[Spatial localization data]
⁂
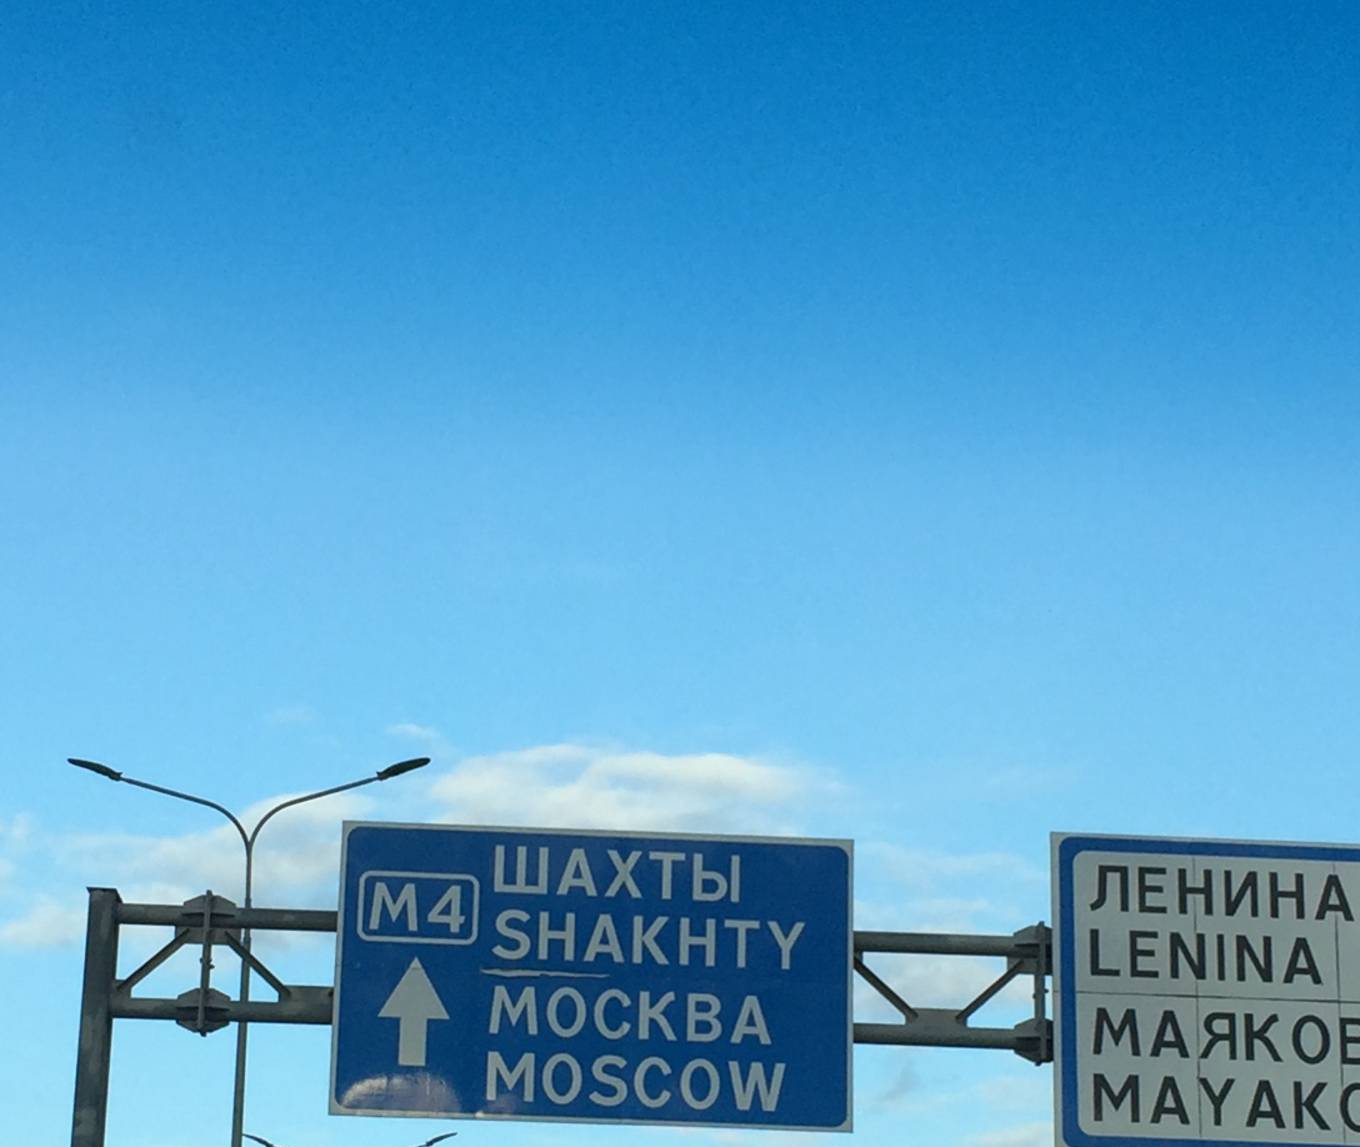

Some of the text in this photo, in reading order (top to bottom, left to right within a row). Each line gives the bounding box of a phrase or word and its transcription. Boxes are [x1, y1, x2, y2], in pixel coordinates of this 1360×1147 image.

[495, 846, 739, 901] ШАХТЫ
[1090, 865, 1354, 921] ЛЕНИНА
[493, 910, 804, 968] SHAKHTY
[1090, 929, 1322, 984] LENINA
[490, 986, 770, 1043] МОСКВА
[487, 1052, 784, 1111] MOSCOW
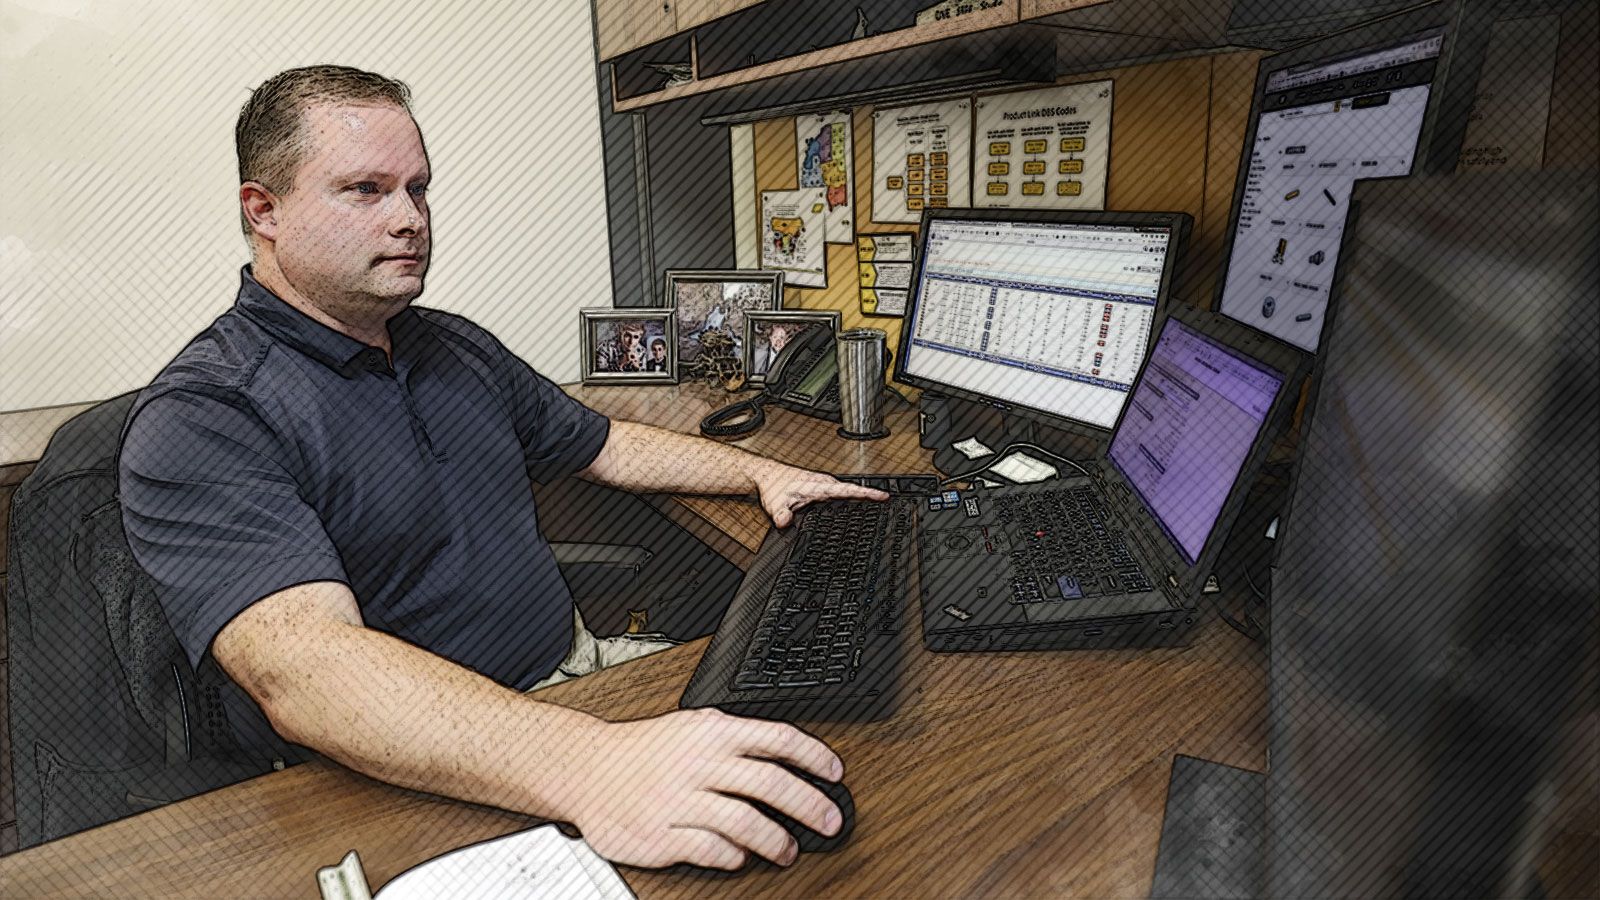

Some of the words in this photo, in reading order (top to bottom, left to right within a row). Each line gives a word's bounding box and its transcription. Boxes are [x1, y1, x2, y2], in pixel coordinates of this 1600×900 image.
⁂
◆ **Task to carry out**: Nothing but an exact copy of the data, without its images, should make up your answer.

◆ **Answer to the problem**:
Some of the text in this photo, in reading order (top to bottom, left to right within a row). Each line gives the bounding box of a phrase or word and its transcription. Boxes are [x1, y1, x2, y2], in pixel coordinates of this 1360×1147 image.

[495, 846, 739, 901] ШАХТЫ
[1090, 865, 1354, 921] ЛЕНИНА
[493, 910, 804, 968] SHAKHTY
[1090, 929, 1322, 984] LENINA
[490, 986, 770, 1043] МОСКВА
[487, 1052, 784, 1111] MOSCOW

Some of the words in this photo, in reading order (top to bottom, left to right within a row). Each line gives a word's bounding box and its transcription. Boxes are [x1, y1, x2, y2], in pixel coordinates of this 1600×900 image.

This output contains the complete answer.